Have you been whippin the snot out of it. Seems to need a bunch of o2 to make it keep going. I have also found if I start it with one bottle of lemon, let it ferment down a ways, add the next bottle, let it ferment some and add the last bottle it seems to keep going better. also stage the nutrient and energizer, add some at the beginning and the rest as the ferment continues. Arne.


----------



## hobbyiswine

Thanks for the tips. Seems i have been doing those already. I stir vigorously one to two times per day. I added nutrient at the beginning. Added more on day 4 since it was poking along and only have 32oz of lemon in the 5 gallons now. Will add more once the ferment picks up. I increased the temp to about 78. Looks like my temp on previous batches made it up that high last summer. Will see if that helps.


----------



## hobbyiswine

I came home very little activity and basically no progress. SG unchanged so i decided to make a starter with K1-V1116 yeast. My EC 1118 doesnt seem to getting the job done.


----------



## GeoS

How long should it take to get started. This is my first batch of skeeter pee. I put the starter in two days ago and the SG has not changed.


----------



## ORnurse

What's your temp?


----------



## GeoS

Its about 72F. I don't think I did the starter right. I don't have one bubble. 
I have a chianti in a secondary that is bubbling away setting right next to it.


----------



## ORnurse

Make sure to bear it up good daily. For my starter I added water that was 104 degrees, about a cup.
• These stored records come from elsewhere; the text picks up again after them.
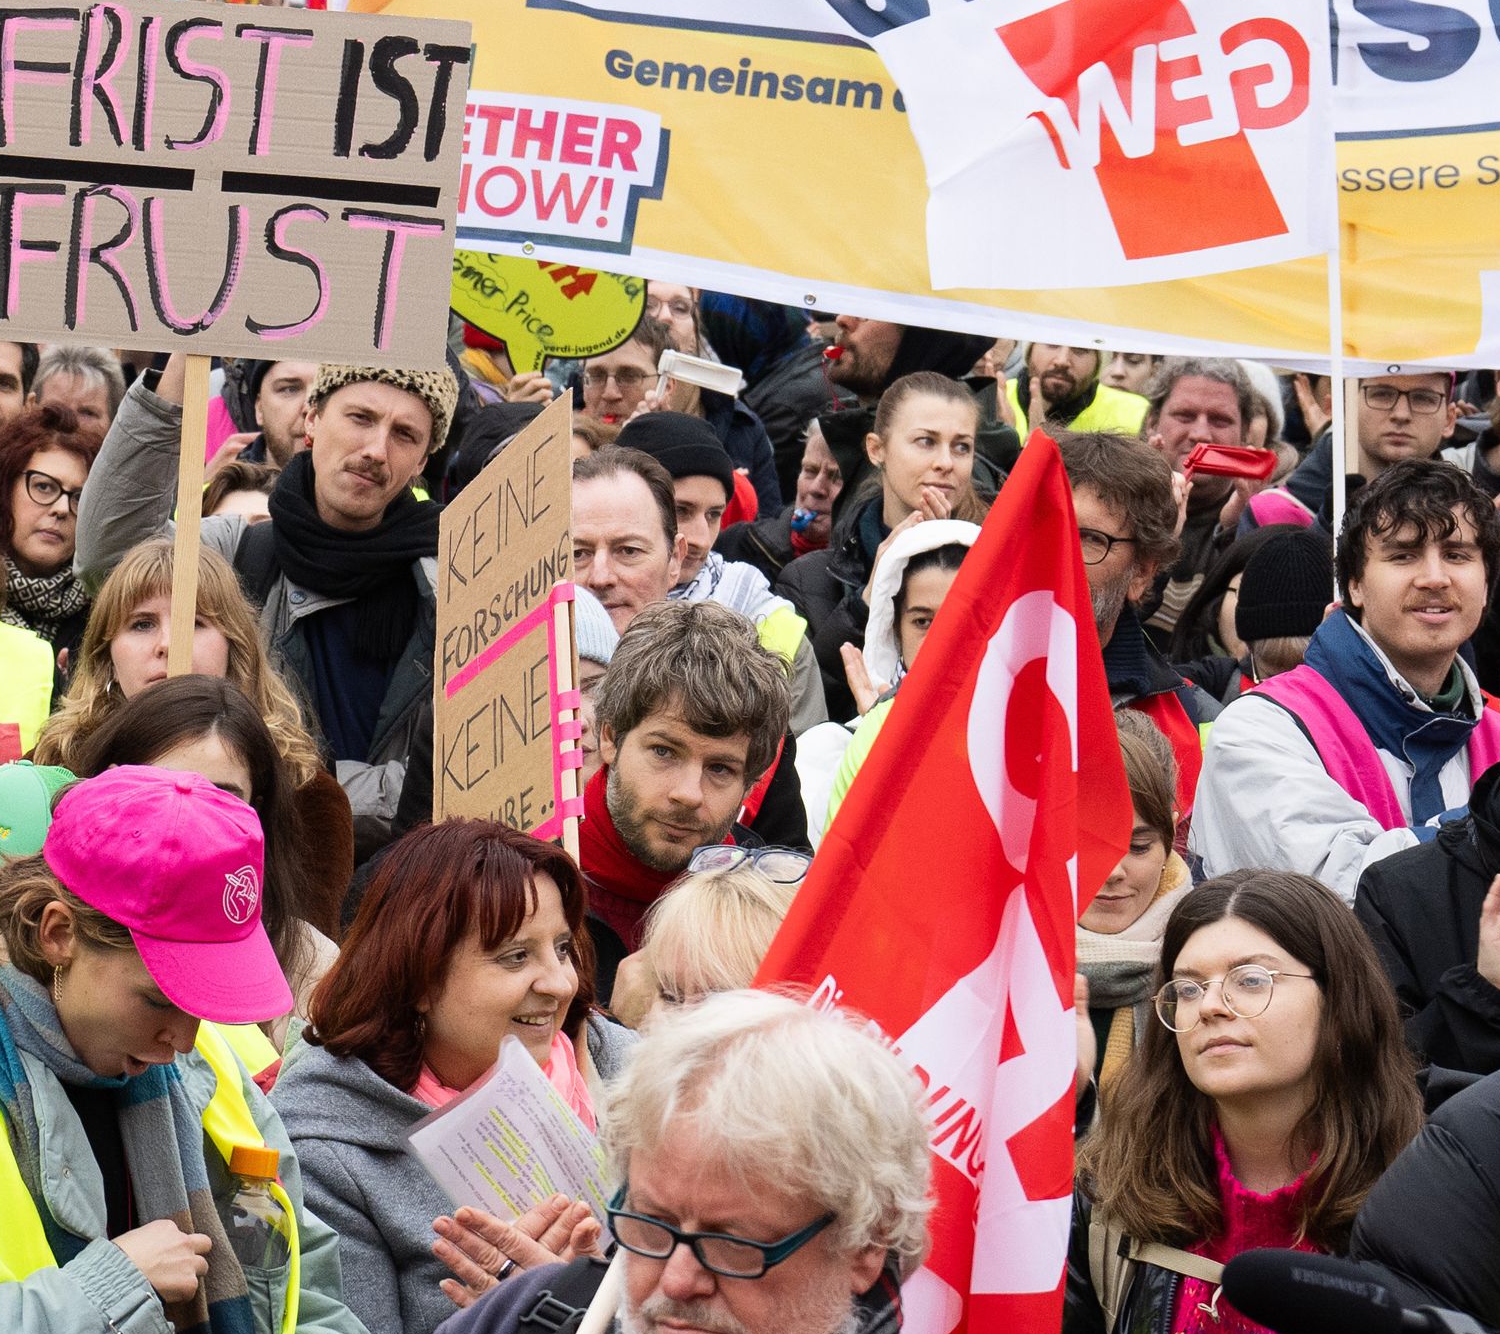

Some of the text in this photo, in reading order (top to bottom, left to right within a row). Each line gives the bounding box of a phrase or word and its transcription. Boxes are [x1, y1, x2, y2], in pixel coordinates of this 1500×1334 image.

[332, 35, 472, 163] IST
[605, 48, 884, 110] Gemeinsam
[505, 290, 555, 338] Price
[445, 435, 559, 604] KEINE
[441, 529, 571, 690] FORSCHUNG
[441, 654, 553, 819] KEINE
Then a tablespoon of sugar, sprinkle of nutrient and sprinkle or energizer. Let it get going good. Then add a cup of must, let it get going, and add another. Once it gets going good Dump into primary.


----------



## jimmyjames23

Now my skeeter pees not going. Lol

We just had a temp drop by about 10 degrees. 
Gotta bust out the heater on my Mjo-Skeeto.


----------



## ORnurse

Shoot jimmy,


Mine is down to 1.03 from 1.09


----------



## jimmyjames23

Lol. 
Irony.


----------



## hobbyiswine

My pee is still not going. Think it might be the lemon juice i used this time. Was an off brand not Realemon. Hmmm.....will give it a few more days. Hopefully i dont have to flush it. That would put me begind schedule for summer!


----------



## GeoS

I made a starter last night by taking a cup of warm water and adding a tbs of lemon juice, sugar, and nutrient. I mixed that up to dissolve everything then put the yeast (EC-1118) in and let set. I added about a teaspoon of sugar and lemon juice once an hour for three hours. I then put it in my must. I came home today to whip it and get some air to it and low and behold there was active fermentation.


----------



## GeoS

Hobbyiswine, as long as it is real lemon juice it should work. Did you let it set for a day or two before adding the starter. This is to let the preservatives evaporate out so it doesn't kill the yeast.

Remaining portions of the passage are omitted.